> **Task details**
Return each entry word for word. Leave the images out.

> **Provided records**
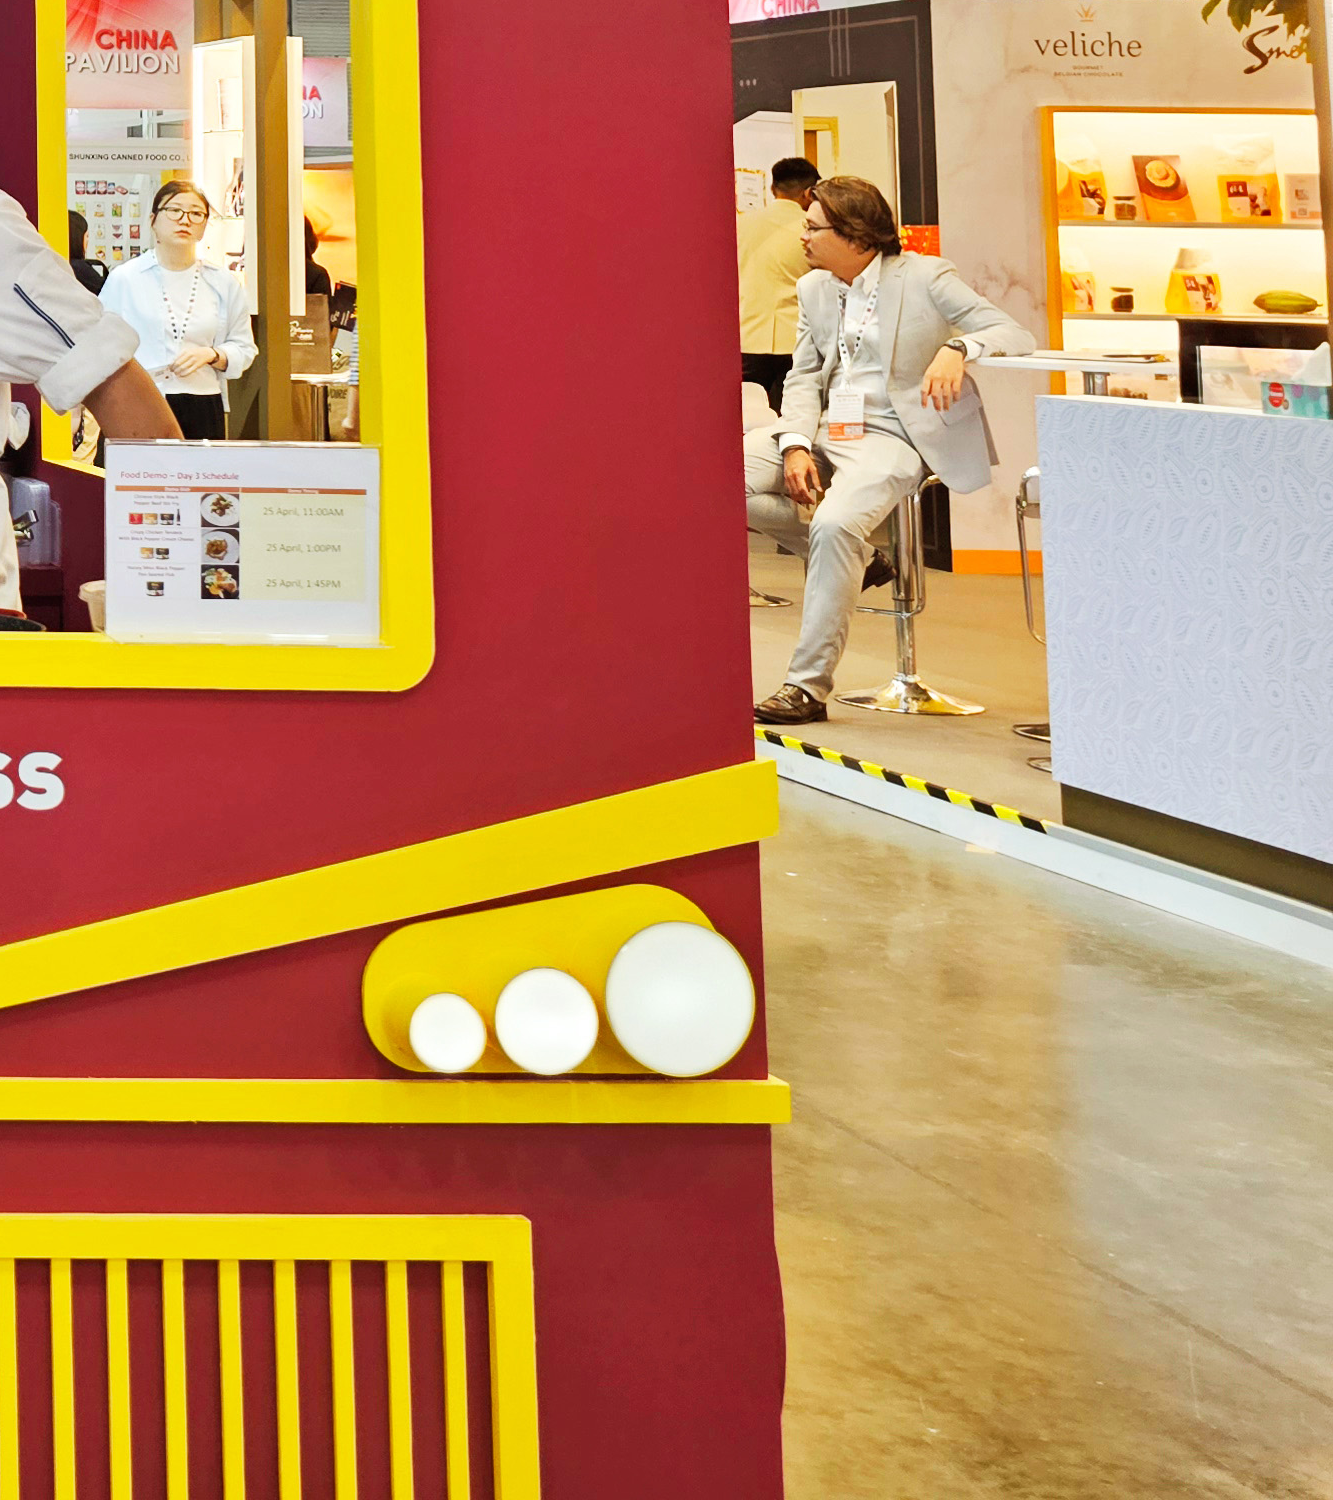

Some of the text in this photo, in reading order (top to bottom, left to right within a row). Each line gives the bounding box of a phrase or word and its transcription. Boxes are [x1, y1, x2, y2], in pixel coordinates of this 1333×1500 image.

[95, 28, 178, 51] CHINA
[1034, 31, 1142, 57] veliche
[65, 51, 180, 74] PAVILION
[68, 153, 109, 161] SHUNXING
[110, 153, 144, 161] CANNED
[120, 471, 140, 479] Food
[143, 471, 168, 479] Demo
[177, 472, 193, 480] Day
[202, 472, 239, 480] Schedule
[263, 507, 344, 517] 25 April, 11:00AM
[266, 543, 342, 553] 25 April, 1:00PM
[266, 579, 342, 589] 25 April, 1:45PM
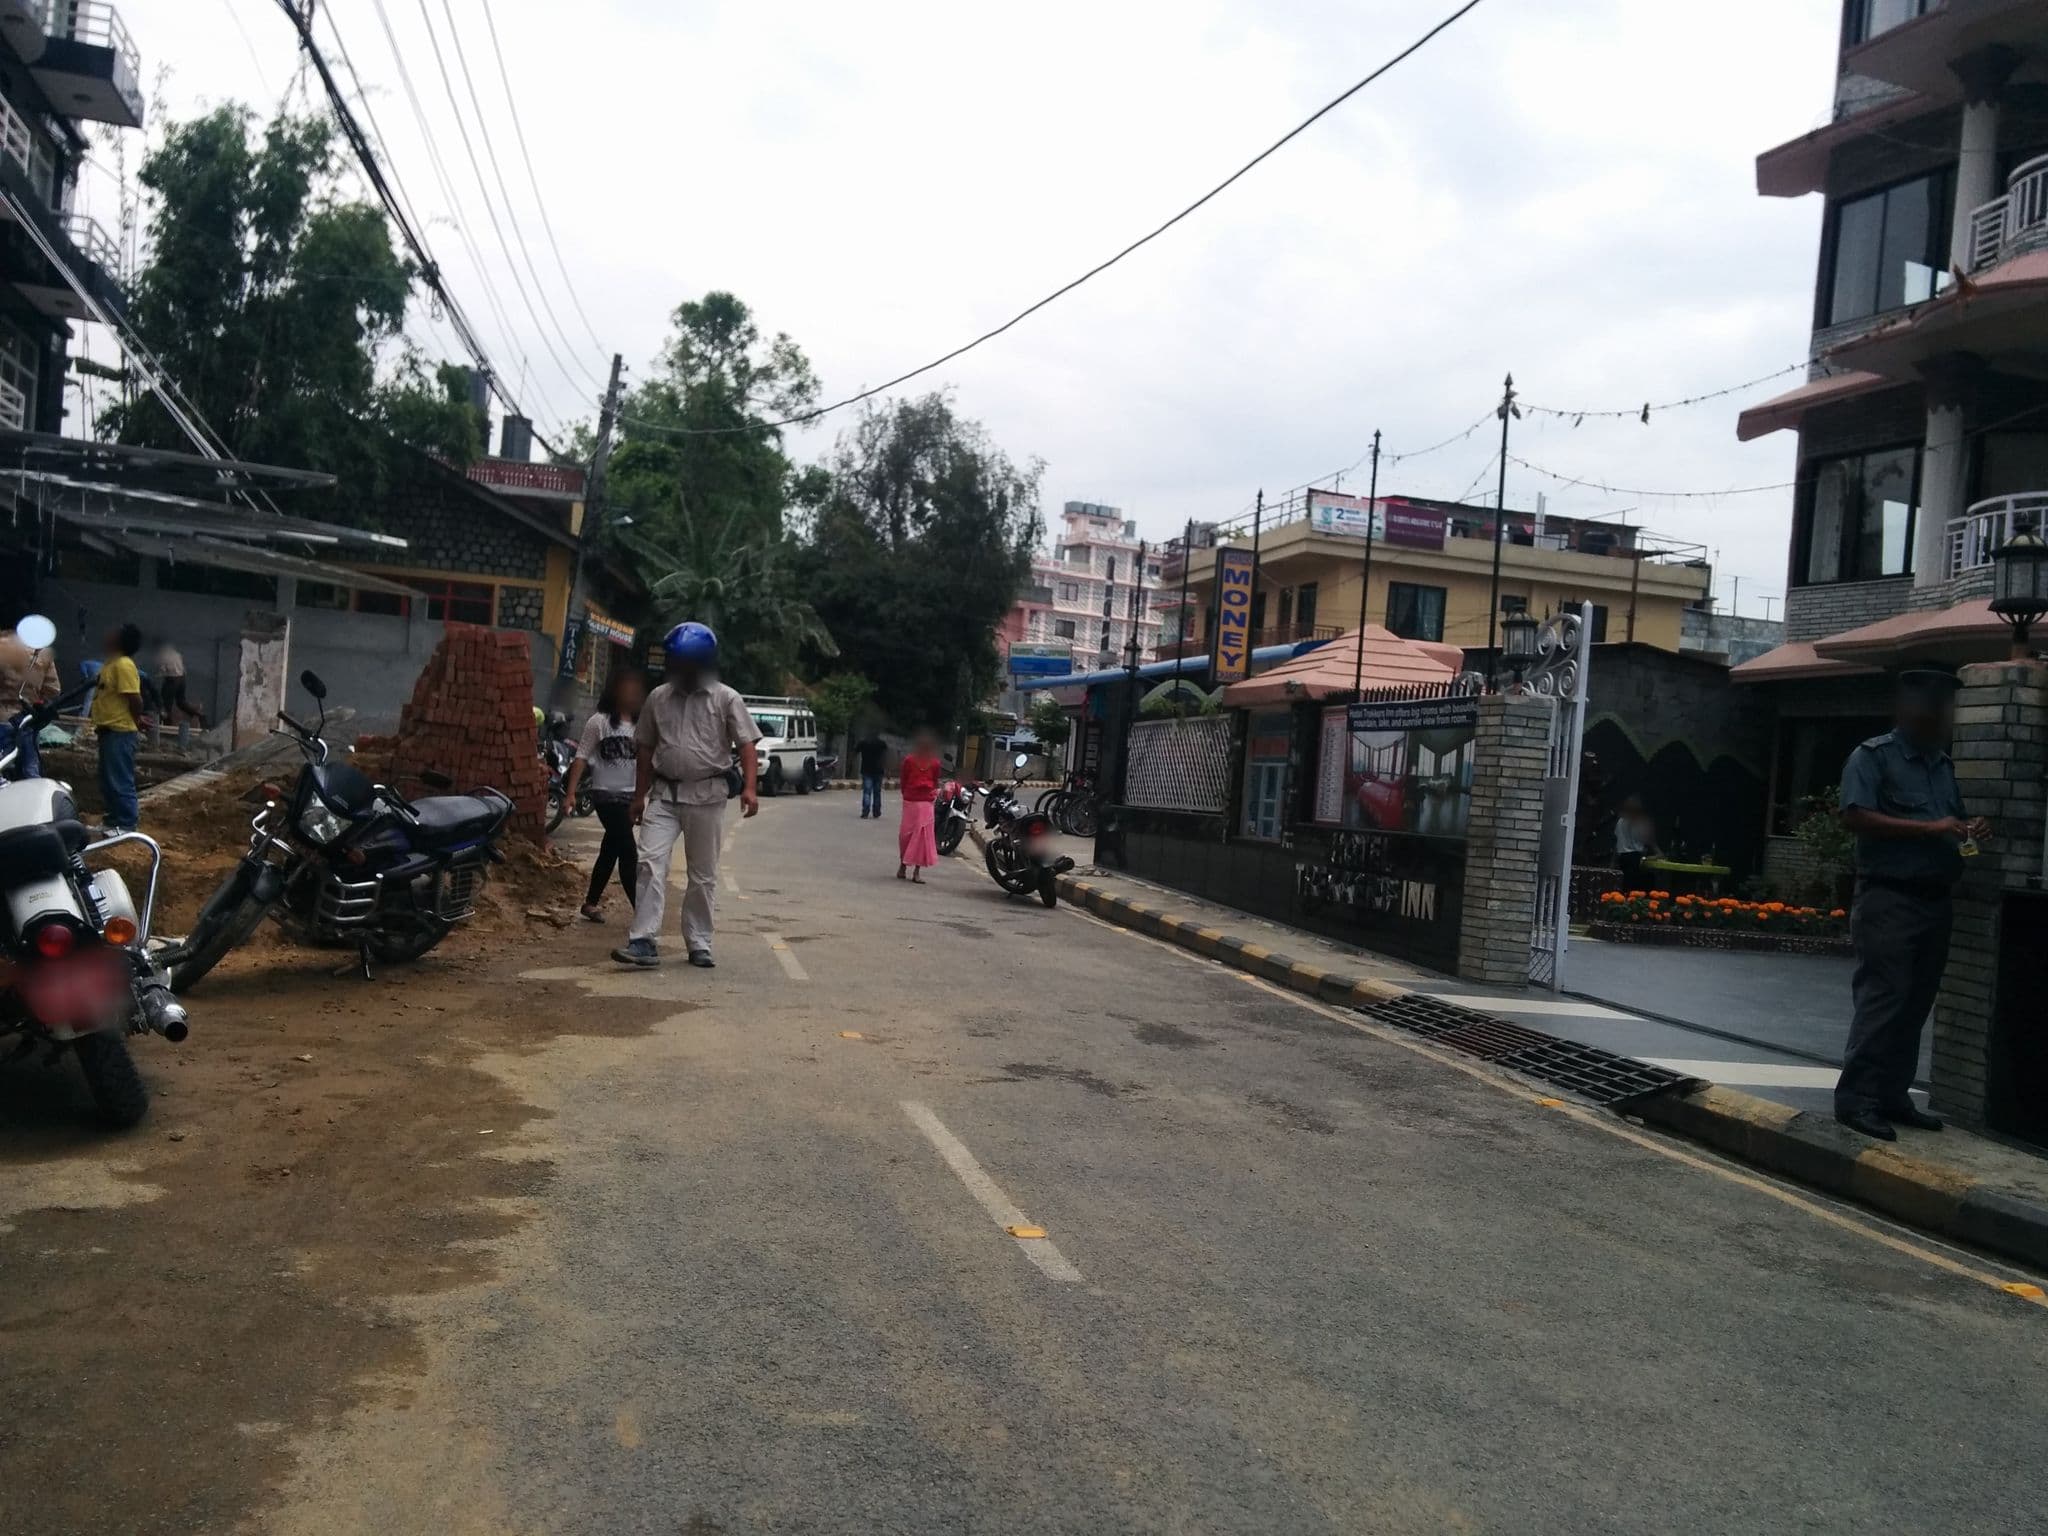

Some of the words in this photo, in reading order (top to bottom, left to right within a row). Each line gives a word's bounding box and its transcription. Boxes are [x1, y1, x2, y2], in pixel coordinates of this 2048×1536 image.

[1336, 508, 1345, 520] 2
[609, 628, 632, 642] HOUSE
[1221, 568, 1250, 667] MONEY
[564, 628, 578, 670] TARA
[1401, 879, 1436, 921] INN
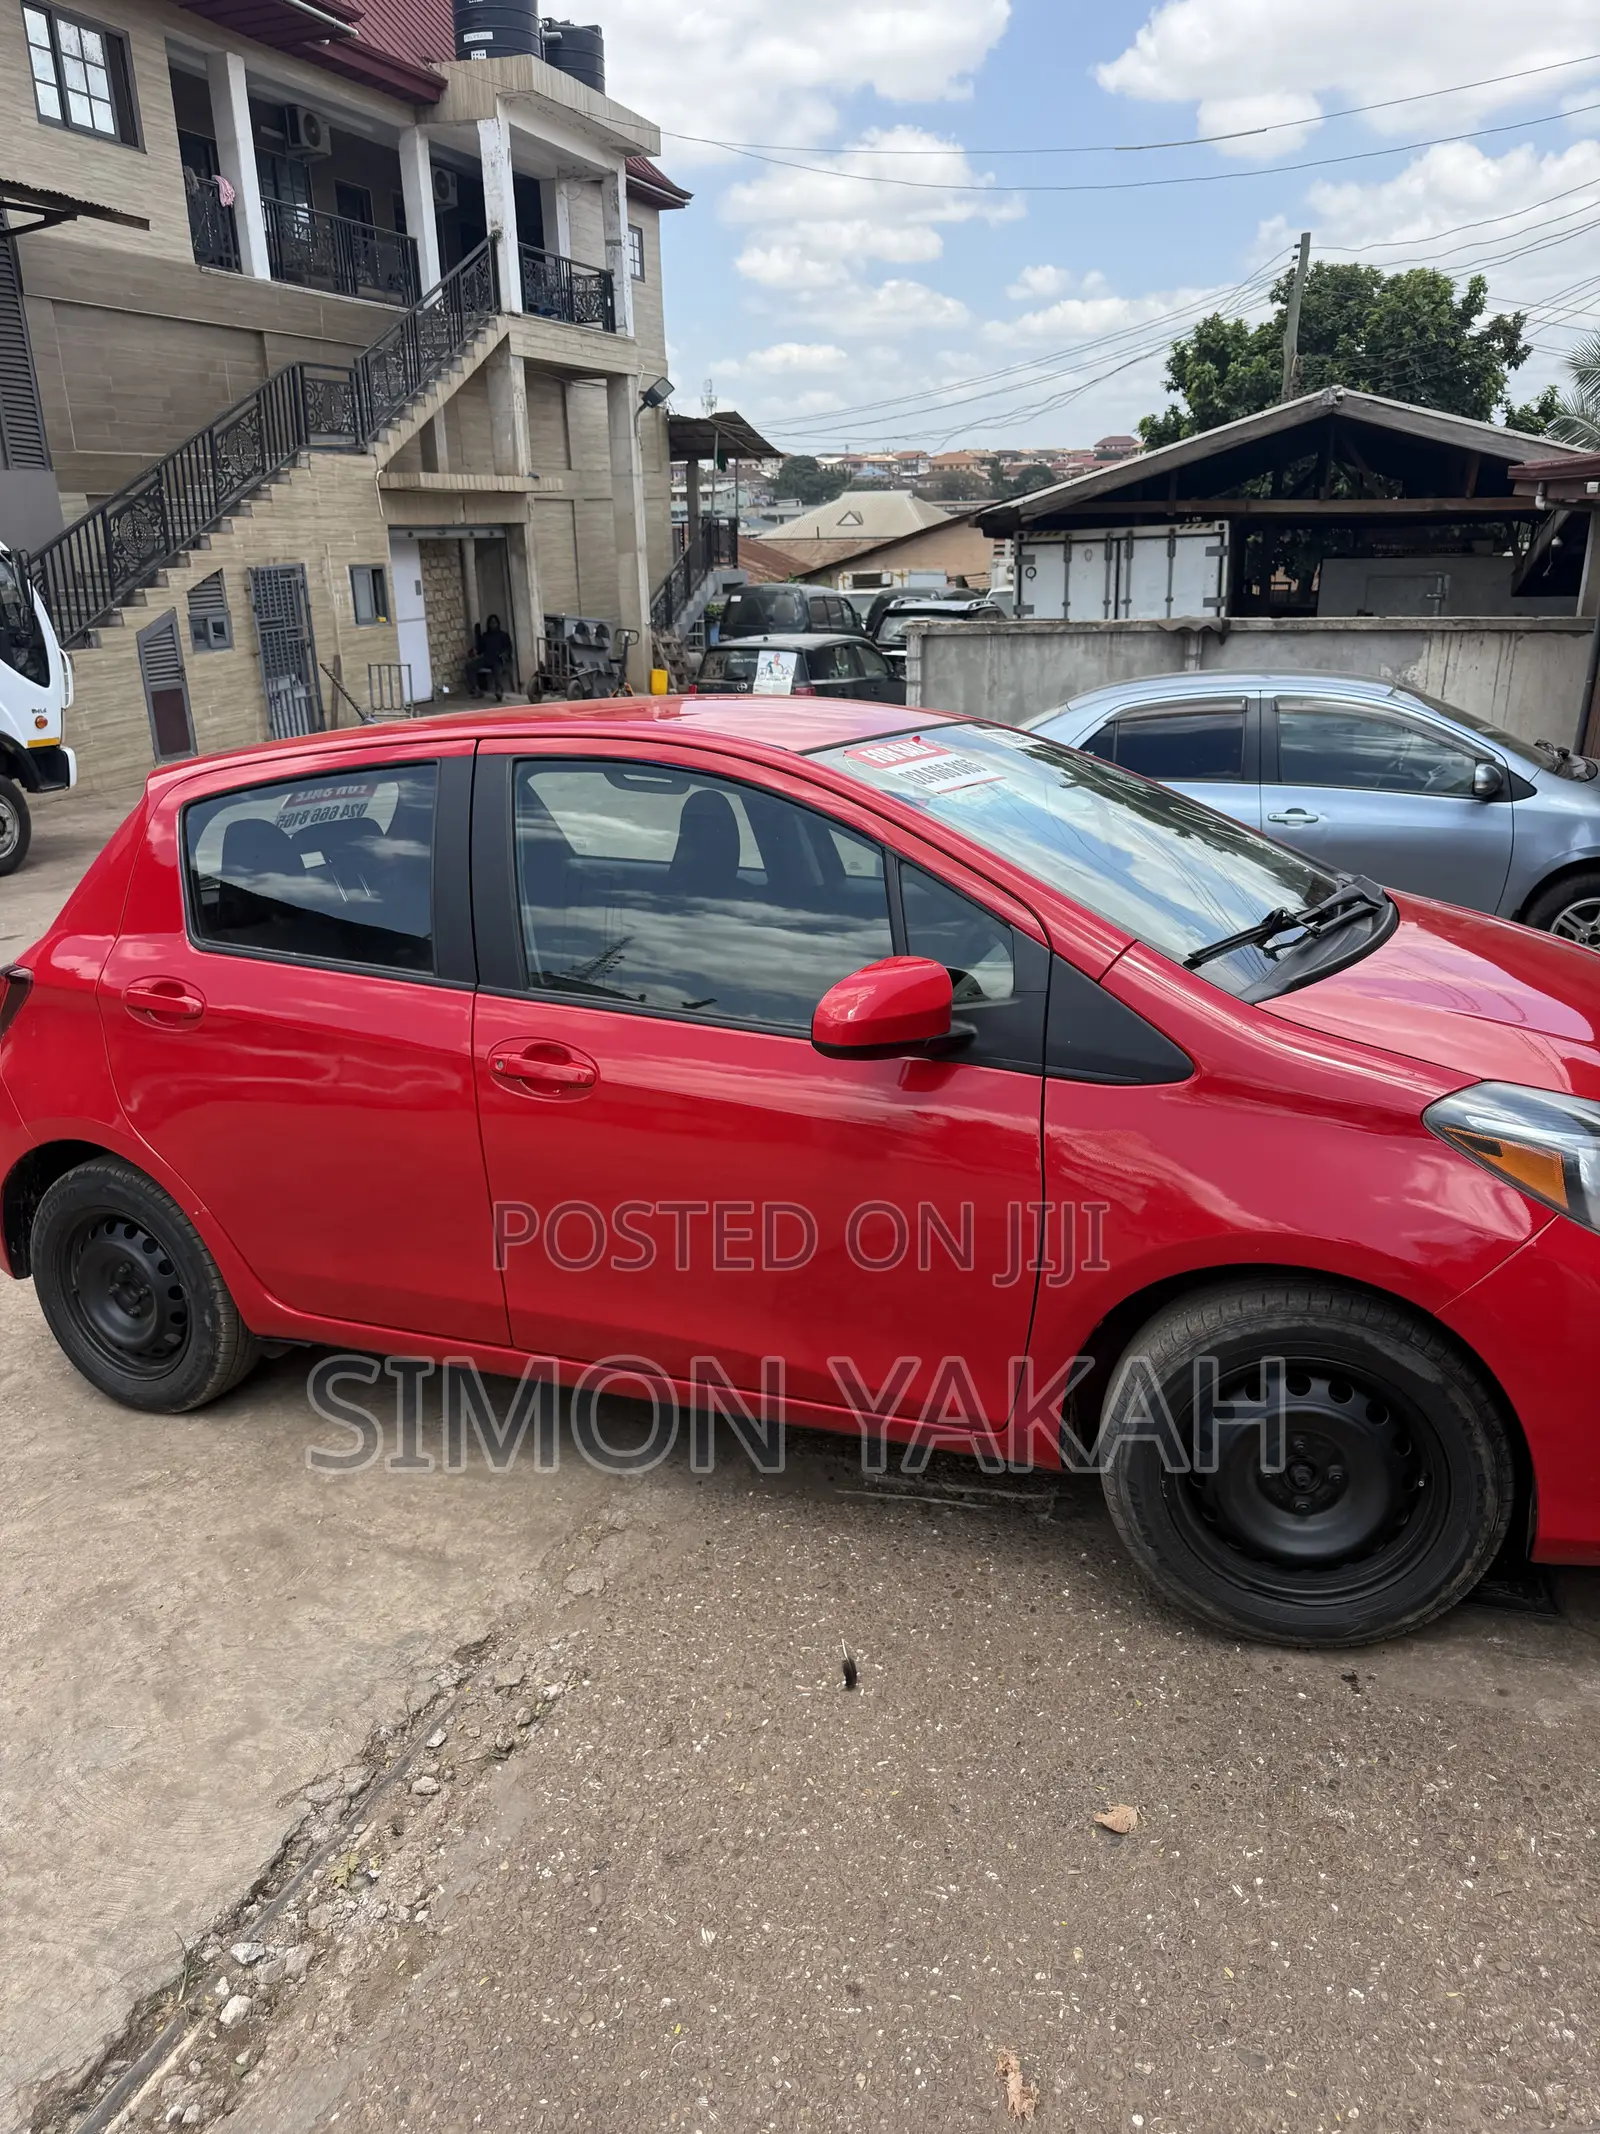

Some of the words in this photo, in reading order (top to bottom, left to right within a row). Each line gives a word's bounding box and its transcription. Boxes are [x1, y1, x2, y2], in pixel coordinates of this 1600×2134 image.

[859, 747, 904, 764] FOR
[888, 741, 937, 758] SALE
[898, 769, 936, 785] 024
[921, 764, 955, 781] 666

> **Task answer**
Some of the text in this photo, in reading order (top to bottom, left to right within a row). Each line gives the bounding box of a phrase or word and its transcription. Boxes are [x1, y1, x2, y2], in pixel coordinates of this 1333×1500 image.

[95, 28, 178, 51] CHINA
[1034, 31, 1142, 57] veliche
[65, 51, 180, 74] PAVILION
[68, 153, 109, 161] SHUNXING
[110, 153, 144, 161] CANNED
[120, 471, 140, 479] Food
[143, 471, 168, 479] Demo
[177, 472, 193, 480] Day
[202, 472, 239, 480] Schedule
[263, 507, 344, 517] 25 April, 11:00AM
[266, 543, 342, 553] 25 April, 1:00PM
[266, 579, 342, 589] 25 April, 1:45PM

Some of the words in this photo, in reading order (top to bottom, left to right within a row). Each line gives a word's bounding box and its transcription. Boxes are [x1, y1, x2, y2], in pixel coordinates of this 2048×1536 image.

[1336, 508, 1345, 520] 2
[609, 628, 632, 642] HOUSE
[1221, 568, 1250, 667] MONEY
[564, 628, 578, 670] TARA
[1401, 879, 1436, 921] INN

Some of the words in this photo, in reading order (top to bottom, left to right within a row). Each line gives a word's bounding box and its transcription. Boxes are [x1, y1, x2, y2], in pixel coordinates of this 1600×2134 image.

[859, 747, 904, 764] FOR
[888, 741, 937, 758] SALE
[898, 769, 936, 785] 024
[921, 764, 955, 781] 666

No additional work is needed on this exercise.